東書中一(P141)(象形・指事・会意・形声について解説した後、「既にある漢字の新しい使い方」という見出し名で)
転注 もともとの意味と関係のある別の意味に使い方を広げること。
 例 楽 もともと「おんがく」を意味する漢字が、「おんがく」はたのしいので、「たのしい」という意味を持つようになった。
仮借 字のもとの意味とは無関係に、字の音だけを借りてほかの意味を表すこと。
例 我 もともと「戈」(ほこ)を表す漢字が、「自分」を意味する代名詞「ガ」にあてられた。
  印度 外国語の音を漢字で書くのも、漢字に音だけを借りるので一種の仮借である。

教出中三(P223)
>(象形・指事・会意・形声についての解説に続けて)漢字は以上の四つの方法で作られているが、そのほかに、すでにある漢字を活用法として、次の二つがある。
転注
 すでにある漢字に別の意味をもたせる用法。
 例えば、「楽」という漢字は本来「音楽」の意味しかなかったが、音楽は人の心を楽しませるところから「たのしい」という意味でも用いられるようになった。それに伴って、「安楽」のような「ラク」という音も生まれたのである。
仮借
 すでにある漢字の音を借りて読ませる用法。「釈迦」「印度」などはその例である。

以上です。大手二社(光村、三省堂)では、「象形・指事・会意・形声」(つまり漢字の出来方)については説明していますが、転注・仮借については触れていません。

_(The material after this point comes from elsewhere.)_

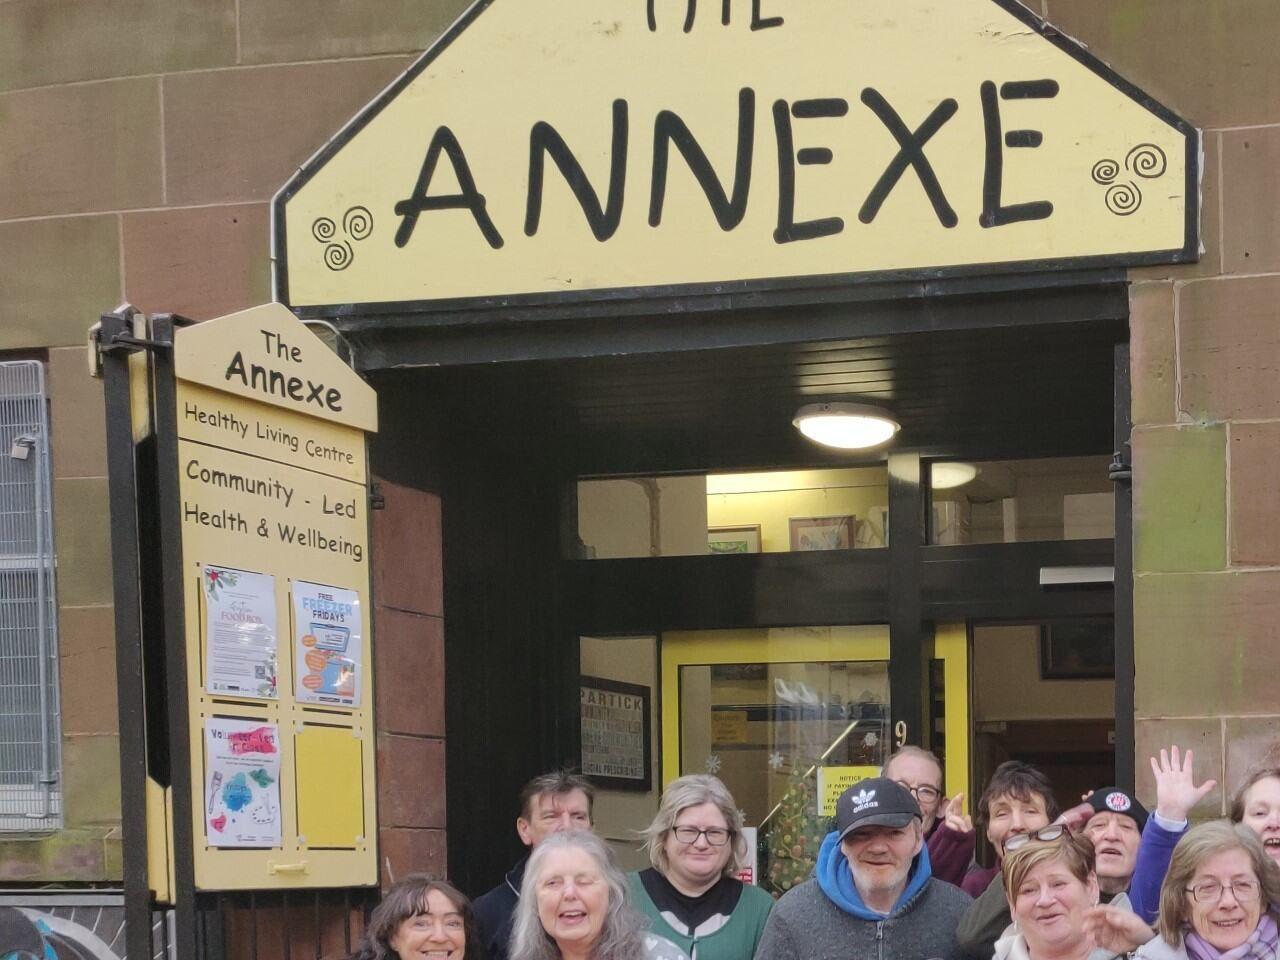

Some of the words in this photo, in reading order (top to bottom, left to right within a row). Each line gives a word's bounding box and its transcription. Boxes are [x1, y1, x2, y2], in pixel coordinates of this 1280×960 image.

二 受験における「漢字の成り立ち」―テキストやテスト

塾向けテキストを作る際には、「転注・仮借」についても言及することがままありますが、最も気を遣うのは、上記教科書の記述にもあるように、「出来方(成り立ち・構成法)」を表す四つと、その使用法・運用法である二つとは別の概念だということを明確に理解させることです。「六書」という言葉から、同列の概念が六つあるように誤解されがちです(誤解させるぐらいなら「転注・仮借」には触れない方がまだましです。光村・三省堂は、異説が多いというほかに、そういう理由もあって「転注・仮借」について言及していないのではないでしょうか。)。
例えば「楽」は、出来方は象形(ここにも異説があり、会意としている辞書もあります。)ですが、「転注」ともされるわけです。その場合、「楽」という漢字それ自体が転注なのか、「楽」が「たのしい」の意で用いられる場合その字が転注なのか、あるいはまた別の概念なのか、はっきりしません。「常用字解」(平凡社 白川静)では、次のように述べています。
>転注については、[説文]に「建類一首、同意相承(あいう)く。考老是なり」と説くが、その意味があまり明らかでなく、研究者の間にもまだ一致した解釈は得られていない。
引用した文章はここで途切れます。